An example of an LDPC parity check matrix with three 1's in each column and four 1's in each row, created by Gallager. When multiplied by a column vector "codeword" in modulo 2 arithmetic, the result should be a column vector of 0's. The code word consists of a block of "parity" check bits, which has the same length as the number of rows, and a block of data bits. The rate of the code is the number of data bits divided by the number of columns in the matrix. The process of encoding is determining the set of parity bits that, when concatenated with the data bits, will multiply the parity check matrix and create a column of zeros. The decoding process determines the set of bits that were transmitted with this property based on the received packet.

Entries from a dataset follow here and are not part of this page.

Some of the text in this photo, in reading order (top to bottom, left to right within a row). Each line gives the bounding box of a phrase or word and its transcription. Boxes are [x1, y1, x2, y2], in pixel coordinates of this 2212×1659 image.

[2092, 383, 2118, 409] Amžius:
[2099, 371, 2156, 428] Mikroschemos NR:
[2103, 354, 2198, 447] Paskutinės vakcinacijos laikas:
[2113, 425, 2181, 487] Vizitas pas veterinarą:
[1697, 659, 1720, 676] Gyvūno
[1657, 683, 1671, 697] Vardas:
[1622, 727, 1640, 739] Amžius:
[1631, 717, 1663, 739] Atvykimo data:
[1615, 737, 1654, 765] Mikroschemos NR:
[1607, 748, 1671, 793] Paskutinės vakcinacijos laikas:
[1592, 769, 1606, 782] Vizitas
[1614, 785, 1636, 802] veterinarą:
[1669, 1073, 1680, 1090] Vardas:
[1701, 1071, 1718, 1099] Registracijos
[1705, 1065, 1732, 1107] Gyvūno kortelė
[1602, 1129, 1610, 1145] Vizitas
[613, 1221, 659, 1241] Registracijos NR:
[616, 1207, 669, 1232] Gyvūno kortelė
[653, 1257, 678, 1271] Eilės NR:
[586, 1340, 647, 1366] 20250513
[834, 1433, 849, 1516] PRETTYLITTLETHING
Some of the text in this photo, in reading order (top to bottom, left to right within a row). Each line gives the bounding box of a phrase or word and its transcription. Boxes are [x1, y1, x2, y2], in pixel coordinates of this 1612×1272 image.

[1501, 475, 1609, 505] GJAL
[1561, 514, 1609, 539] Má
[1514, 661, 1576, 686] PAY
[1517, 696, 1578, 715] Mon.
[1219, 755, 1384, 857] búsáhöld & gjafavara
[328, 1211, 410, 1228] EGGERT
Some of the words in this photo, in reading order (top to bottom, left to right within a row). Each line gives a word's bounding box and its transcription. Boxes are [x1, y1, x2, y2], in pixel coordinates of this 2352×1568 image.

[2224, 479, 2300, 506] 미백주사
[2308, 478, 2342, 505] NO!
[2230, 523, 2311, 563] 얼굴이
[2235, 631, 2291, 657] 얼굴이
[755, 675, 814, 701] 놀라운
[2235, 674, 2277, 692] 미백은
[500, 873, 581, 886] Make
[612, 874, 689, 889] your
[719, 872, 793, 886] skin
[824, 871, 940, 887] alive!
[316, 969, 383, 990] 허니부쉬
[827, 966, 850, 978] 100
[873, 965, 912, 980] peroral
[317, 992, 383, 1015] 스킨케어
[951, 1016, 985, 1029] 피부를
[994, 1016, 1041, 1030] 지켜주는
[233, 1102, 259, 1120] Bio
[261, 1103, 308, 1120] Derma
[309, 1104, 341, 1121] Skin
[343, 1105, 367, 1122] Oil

LDPC codes are powerful because, with a sufficiently long block length, one can approach Shannon's capacity limit for a noisy channel with arbitrary precision. In some cases, LDPC codes can be constructed to have better performance than Turbo codes, another widely used error correction code. Additionally, LDPC codes are advantageous in that they use a lower complexity iterative decoding "belief propagation" algorithm which can be implemented in parallel in hardware. The decoder is also very good at detecting errors in the received codeword while also determining when it is unable to correctly decode the packet. Although the encoding complexity is somewhat high, the powerful properties of LDPC codes have warranted their inclusion in many standards such as IEEE 802.16, 802.20, 802.3 and DVB-RS2

#### 1.1 Representations for LDPC codes

Basically there are two different possibilities to represent LDPC codes. Like all linear block codes they can be described via matrices. The second possibility is a graphical representation.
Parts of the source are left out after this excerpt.